Images for object localization
◇ ◇ ◇ ◇ ◇ ◇ ◇
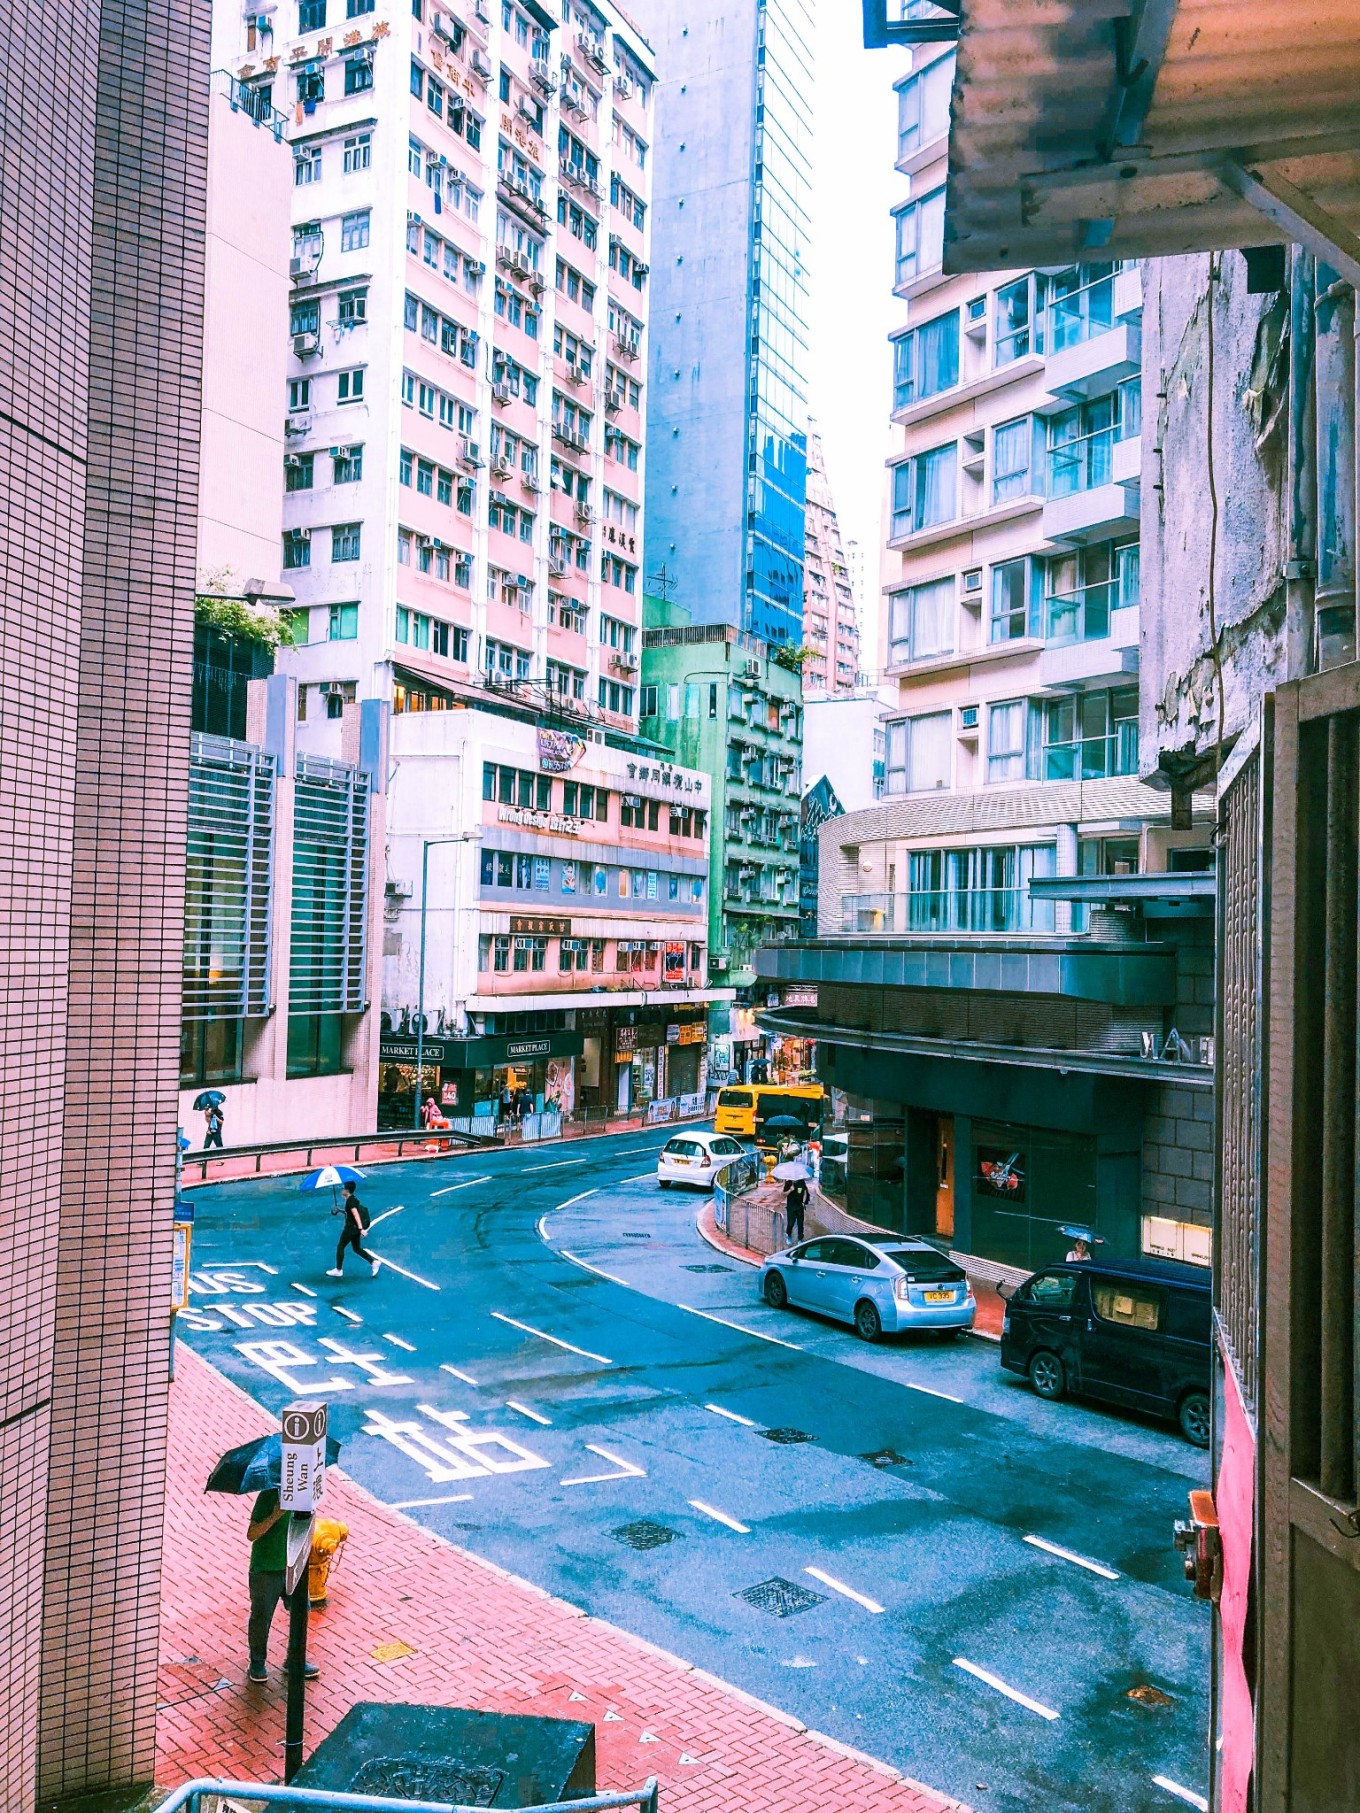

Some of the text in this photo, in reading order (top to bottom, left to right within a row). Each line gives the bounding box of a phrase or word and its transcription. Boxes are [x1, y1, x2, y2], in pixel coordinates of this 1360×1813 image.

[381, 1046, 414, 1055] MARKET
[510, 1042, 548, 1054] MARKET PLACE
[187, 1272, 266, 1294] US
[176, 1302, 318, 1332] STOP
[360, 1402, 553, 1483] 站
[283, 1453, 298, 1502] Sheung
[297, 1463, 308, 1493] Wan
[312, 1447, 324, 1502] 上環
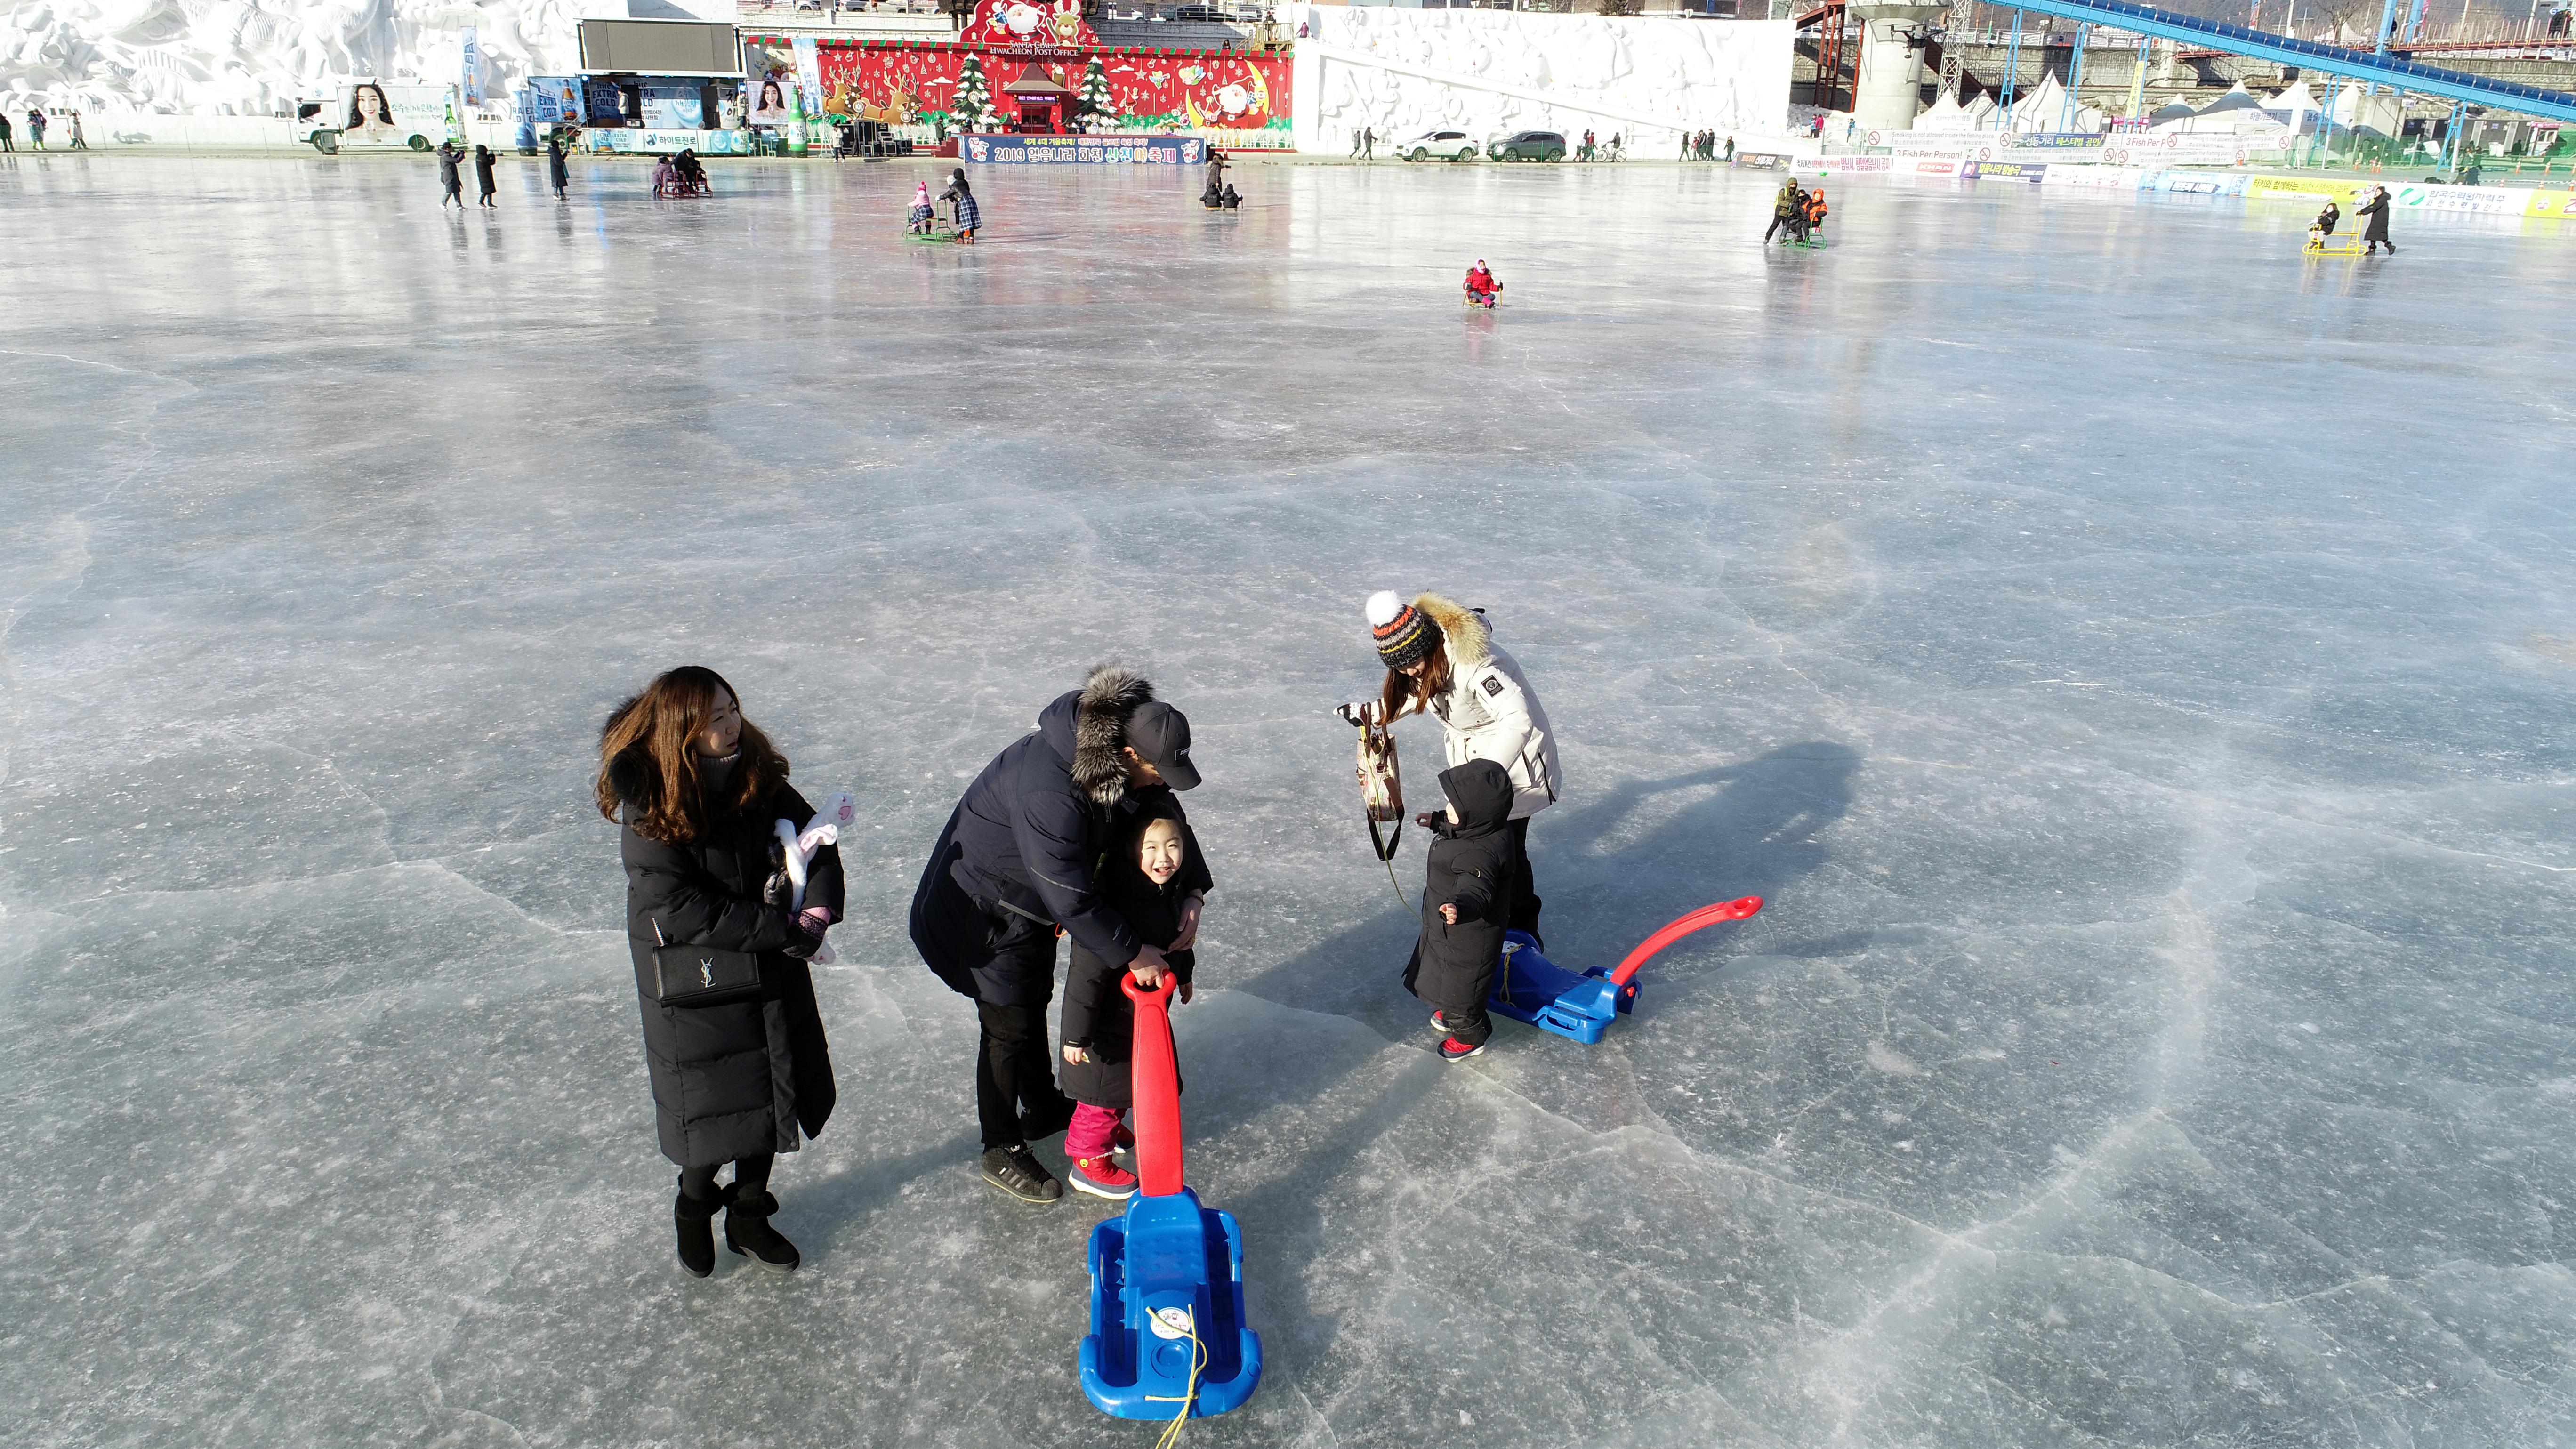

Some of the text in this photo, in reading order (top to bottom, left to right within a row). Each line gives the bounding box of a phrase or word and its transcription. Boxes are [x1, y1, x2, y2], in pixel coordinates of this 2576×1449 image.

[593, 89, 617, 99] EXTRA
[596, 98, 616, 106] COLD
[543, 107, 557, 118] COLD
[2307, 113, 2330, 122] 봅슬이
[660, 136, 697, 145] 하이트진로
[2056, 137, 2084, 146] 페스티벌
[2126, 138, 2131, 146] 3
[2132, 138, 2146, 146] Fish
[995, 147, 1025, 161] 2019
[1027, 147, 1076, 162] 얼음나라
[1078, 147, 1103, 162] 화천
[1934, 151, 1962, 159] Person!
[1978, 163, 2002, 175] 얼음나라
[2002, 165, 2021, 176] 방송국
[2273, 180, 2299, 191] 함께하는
◇ ◇ ◇ ◇ ◇ ◇ ◇
■ What the task requires
The data above are to be repeated word for word, with any pictures left out.

■ Response box
Some of the text in this photo, in reading order (top to bottom, left to right within a row). Each line gives the bounding box of a phrase or word and its transcription. Boxes are [x1, y1, x2, y2], in pixel coordinates of this 1360×1813 image.

[381, 1046, 414, 1055] MARKET
[510, 1042, 548, 1054] MARKET PLACE
[187, 1272, 266, 1294] US
[176, 1302, 318, 1332] STOP
[360, 1402, 553, 1483] 站
[283, 1453, 298, 1502] Sheung
[297, 1463, 308, 1493] Wan
[312, 1447, 324, 1502] 上環

Some of the text in this photo, in reading order (top to bottom, left to right within a row). Each line gives the bounding box of a phrase or word and its transcription. Boxes are [x1, y1, x2, y2], in pixel coordinates of this 2576×1449 image.

[593, 89, 617, 99] EXTRA
[596, 98, 616, 106] COLD
[543, 107, 557, 118] COLD
[2307, 113, 2330, 122] 봅슬이
[660, 136, 697, 145] 하이트진로
[2056, 137, 2084, 146] 페스티벌
[2126, 138, 2131, 146] 3
[2132, 138, 2146, 146] Fish
[995, 147, 1025, 161] 2019
[1027, 147, 1076, 162] 얼음나라
[1078, 147, 1103, 162] 화천
[1934, 151, 1962, 159] Person!
[1978, 163, 2002, 175] 얼음나라
[2002, 165, 2021, 176] 방송국
[2273, 180, 2299, 191] 함께하는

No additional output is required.